Yet denunciation — the rhetorical equivalent of jumping up and down, pointing and shouting, "Oh my God, this is dangerous and evil!" — isn't the only worthwhile response to a grave threat. On the contrary, it's exceedingly important to do more than that, to seek understanding beyond moral rebuke. And, yes, also beyond partisanship.
It can be challenging to see the need for efforts at equanimity when the centrifugal forces in our politics are so powerful. These days, punditry and even more ostensibly measured forms of analysis, like scholarship, tend unapologetically to take sides in political disagreements and disputes. Some commentators do little more than write repeated variations on "Why Donald Trump is so dangerous" or "How the Democrats became the only party to favor democracy."
One column on such topics is essential. Several published over time, in response to a string of discrete events, can be useful. But more than that and punditry begins to resemble special pleading for one political faction: Saving democracy in America requires not only voting consistently for Democrats but also supporting their entire policy agenda and never criticizing the party or its leadership, including the president. To do otherwise is to will an authoritarian future.

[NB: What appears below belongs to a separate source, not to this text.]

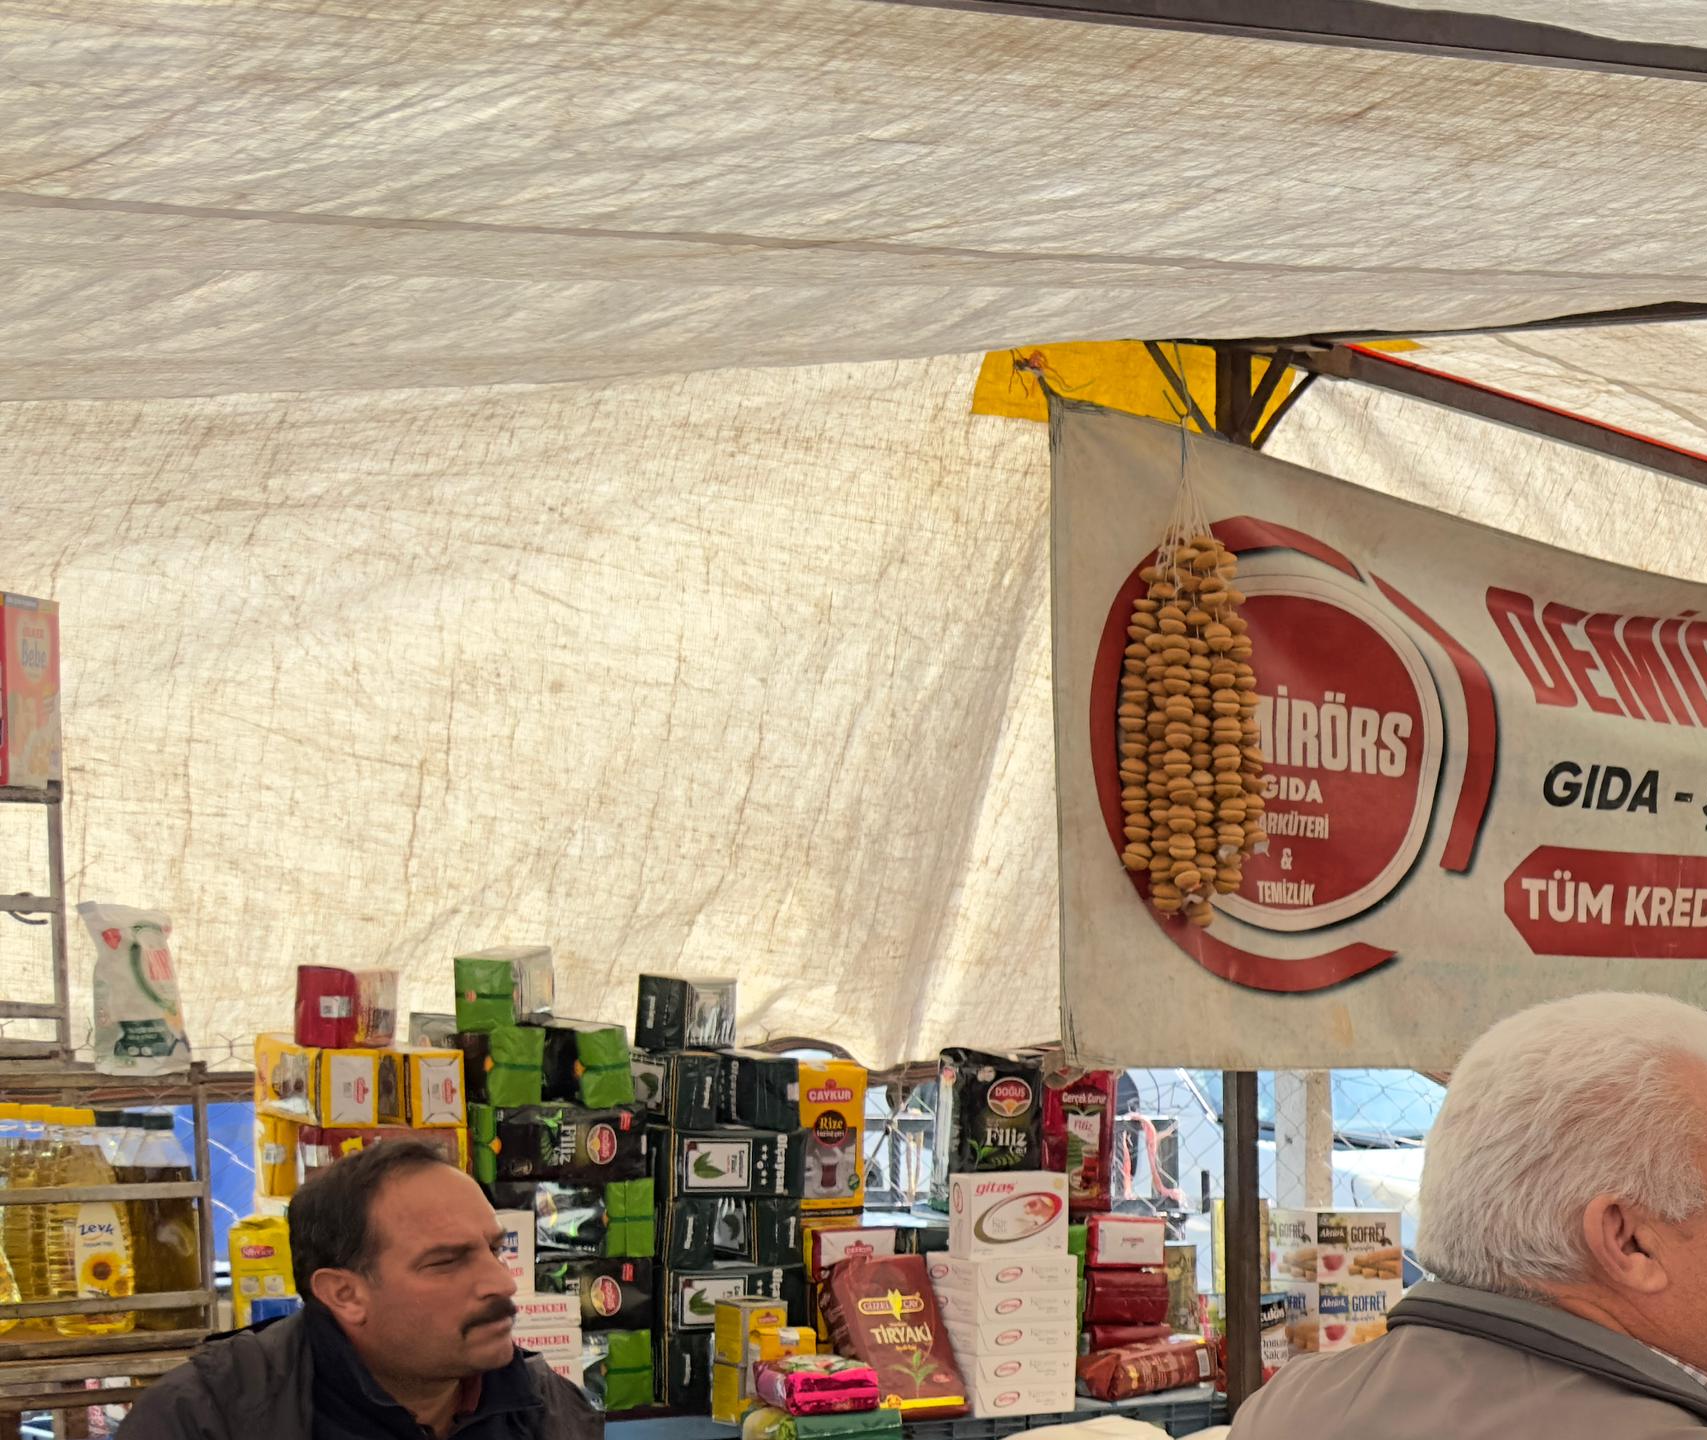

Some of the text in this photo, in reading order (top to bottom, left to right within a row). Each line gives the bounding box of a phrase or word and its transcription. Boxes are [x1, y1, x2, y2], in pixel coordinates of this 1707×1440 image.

Thankfully, there is another mode of analysis, though it may not win as much public approval. It's the more dispassionate approach taken by certain political philosophers down through the centuries.
Thucydides was an ancient Athenian general embroiled in fighting the Peloponnesian War against Sparta when he began writing his classic history and analysis of the conflict, not from the standpoint of his own city and its grievances against its opponent in the war, but from a loftier point of view. In the opening pages of his history, he declares that he aims not for the essay "to win the applause of the moment" but for it to be "a possession for all times." And, indeed, his work has been read and admired ever since for its even-handed and enduring insights into the motives and ill-fated decisions of the warring parties.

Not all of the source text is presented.